WHAT IS REQUIRED -
Keep the images out and copy every entry below exactly.

(Image-backed grounding data)
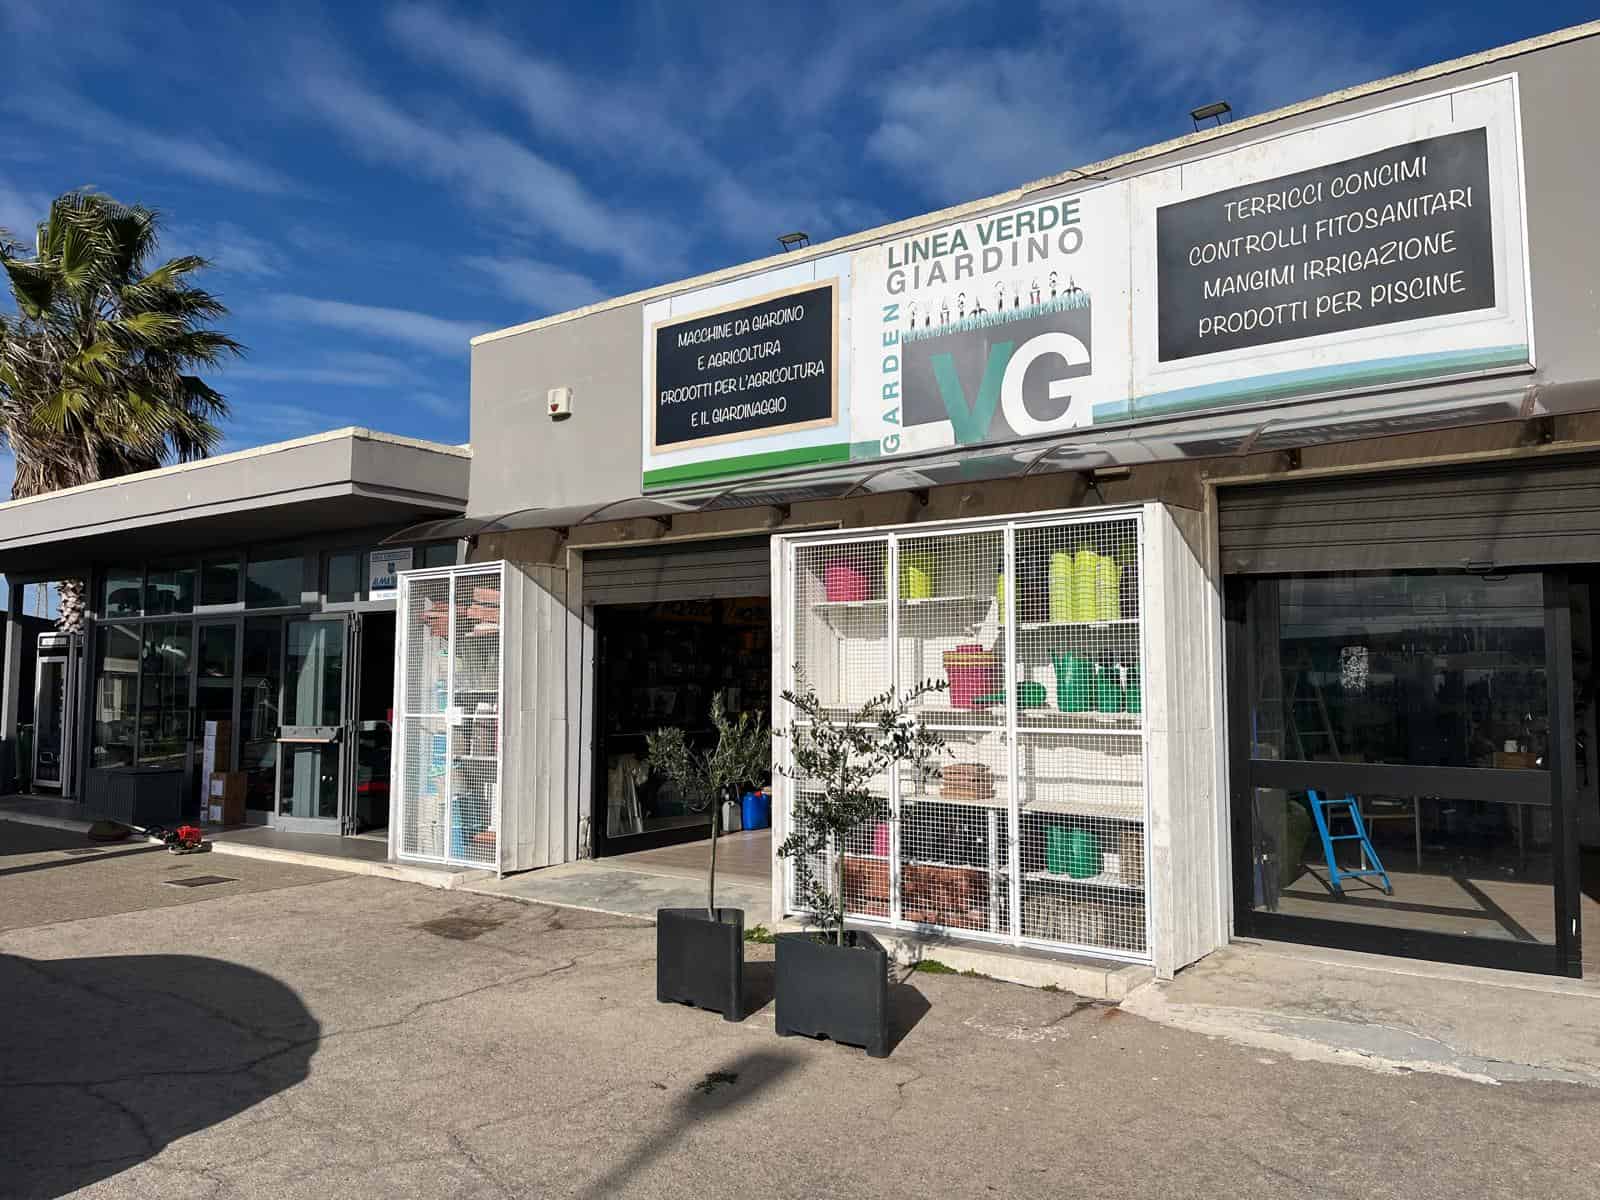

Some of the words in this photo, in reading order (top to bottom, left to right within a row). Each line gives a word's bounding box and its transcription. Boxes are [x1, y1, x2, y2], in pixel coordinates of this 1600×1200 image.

[1224, 183, 1322, 223] TERRICCI
[1331, 155, 1427, 199] CONCIMI
[888, 228, 969, 269] LINEA
[976, 198, 1081, 246] VERDE
[1188, 224, 1307, 266] CONTROLLI
[1315, 186, 1473, 241] FITOSANITARI
[886, 227, 1084, 295] GIARDINO
[1203, 264, 1295, 300] MANGIMI
[1304, 230, 1457, 281] IRRIGAZIONE
[678, 321, 733, 348] MACCHINE
[735, 319, 749, 336] DA
[752, 305, 804, 331] GIARDINO
[1199, 301, 1308, 338] PRODOTTI
[1316, 290, 1362, 318] PER
[1371, 270, 1467, 307] PISCINE
[660, 382, 713, 406] PRODOTTI
[714, 377, 737, 396] PER
[739, 359, 825, 391] L'AGRICOLTURA
[697, 355, 705, 371] E
[707, 339, 781, 369] AGRICOLTURA
[882, 303, 900, 454] GARDEN
[929, 331, 1092, 446] VG
[691, 411, 699, 427] E
[700, 409, 710, 425] IL
[712, 396, 787, 424] GIARDINAGGIO
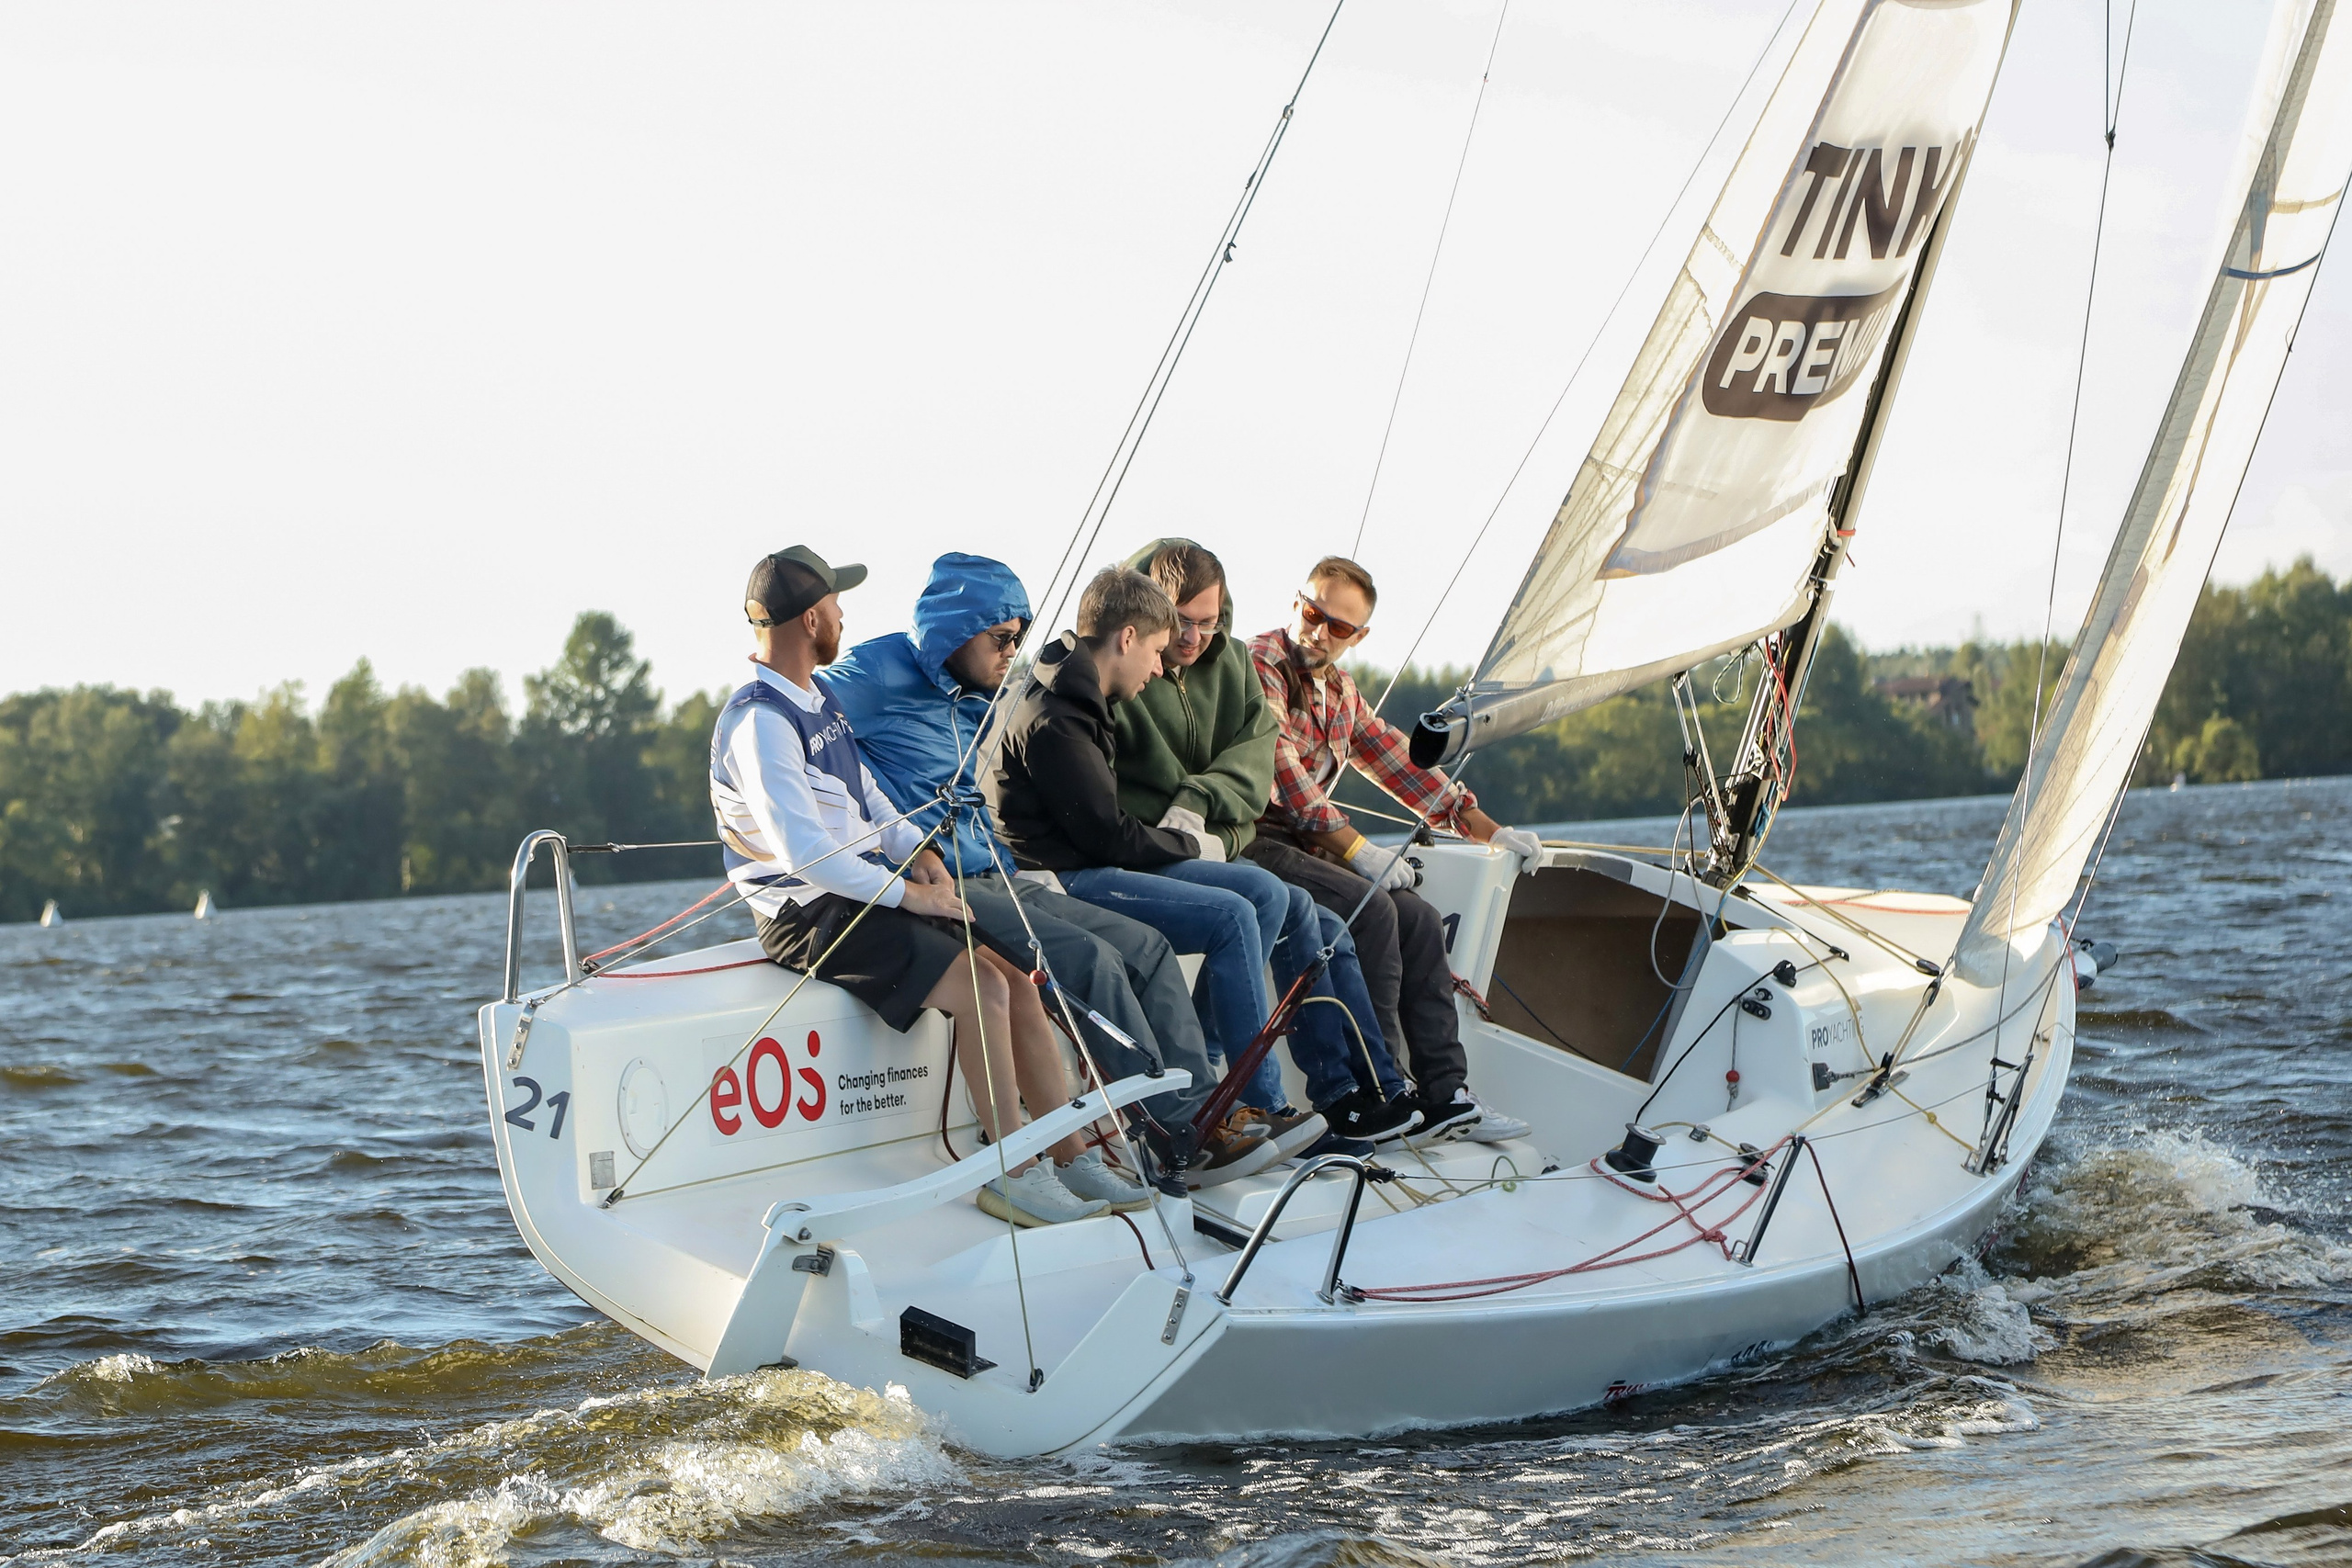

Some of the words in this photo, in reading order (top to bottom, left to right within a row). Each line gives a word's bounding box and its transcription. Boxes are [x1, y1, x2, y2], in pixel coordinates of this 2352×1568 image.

[838, 1070, 886, 1090] Changing
[888, 1066, 929, 1083] finances
[504, 1077, 571, 1140] 21
[840, 1100, 854, 1115] for
[856, 1097, 873, 1112] the
[874, 1093, 907, 1110] better.

RESPONSE FOR THIS EXERCISE -
Some of the words in this photo, in reading order (top to bottom, left to right within a row). Each line gives a word's bounding box and its transcription. Boxes are [x1, y1, x2, y2], in pixel coordinates of this 1600×1200 image.

[1224, 183, 1322, 223] TERRICCI
[1331, 155, 1427, 199] CONCIMI
[888, 228, 969, 269] LINEA
[976, 198, 1081, 246] VERDE
[1188, 224, 1307, 266] CONTROLLI
[1315, 186, 1473, 241] FITOSANITARI
[886, 227, 1084, 295] GIARDINO
[1203, 264, 1295, 300] MANGIMI
[1304, 230, 1457, 281] IRRIGAZIONE
[678, 321, 733, 348] MACCHINE
[735, 319, 749, 336] DA
[752, 305, 804, 331] GIARDINO
[1199, 301, 1308, 338] PRODOTTI
[1316, 290, 1362, 318] PER
[1371, 270, 1467, 307] PISCINE
[660, 382, 713, 406] PRODOTTI
[714, 377, 737, 396] PER
[739, 359, 825, 391] L'AGRICOLTURA
[697, 355, 705, 371] E
[707, 339, 781, 369] AGRICOLTURA
[882, 303, 900, 454] GARDEN
[929, 331, 1092, 446] VG
[691, 411, 699, 427] E
[700, 409, 710, 425] IL
[712, 396, 787, 424] GIARDINAGGIO

Some of the words in this photo, in reading order (top to bottom, left to right within a row). Each line gives a word's bounding box and its transcription. Boxes are [x1, y1, x2, y2], in pixel coordinates of this 2352×1568 image.

[838, 1070, 886, 1090] Changing
[888, 1066, 929, 1083] finances
[504, 1077, 571, 1140] 21
[840, 1100, 854, 1115] for
[856, 1097, 873, 1112] the
[874, 1093, 907, 1110] better.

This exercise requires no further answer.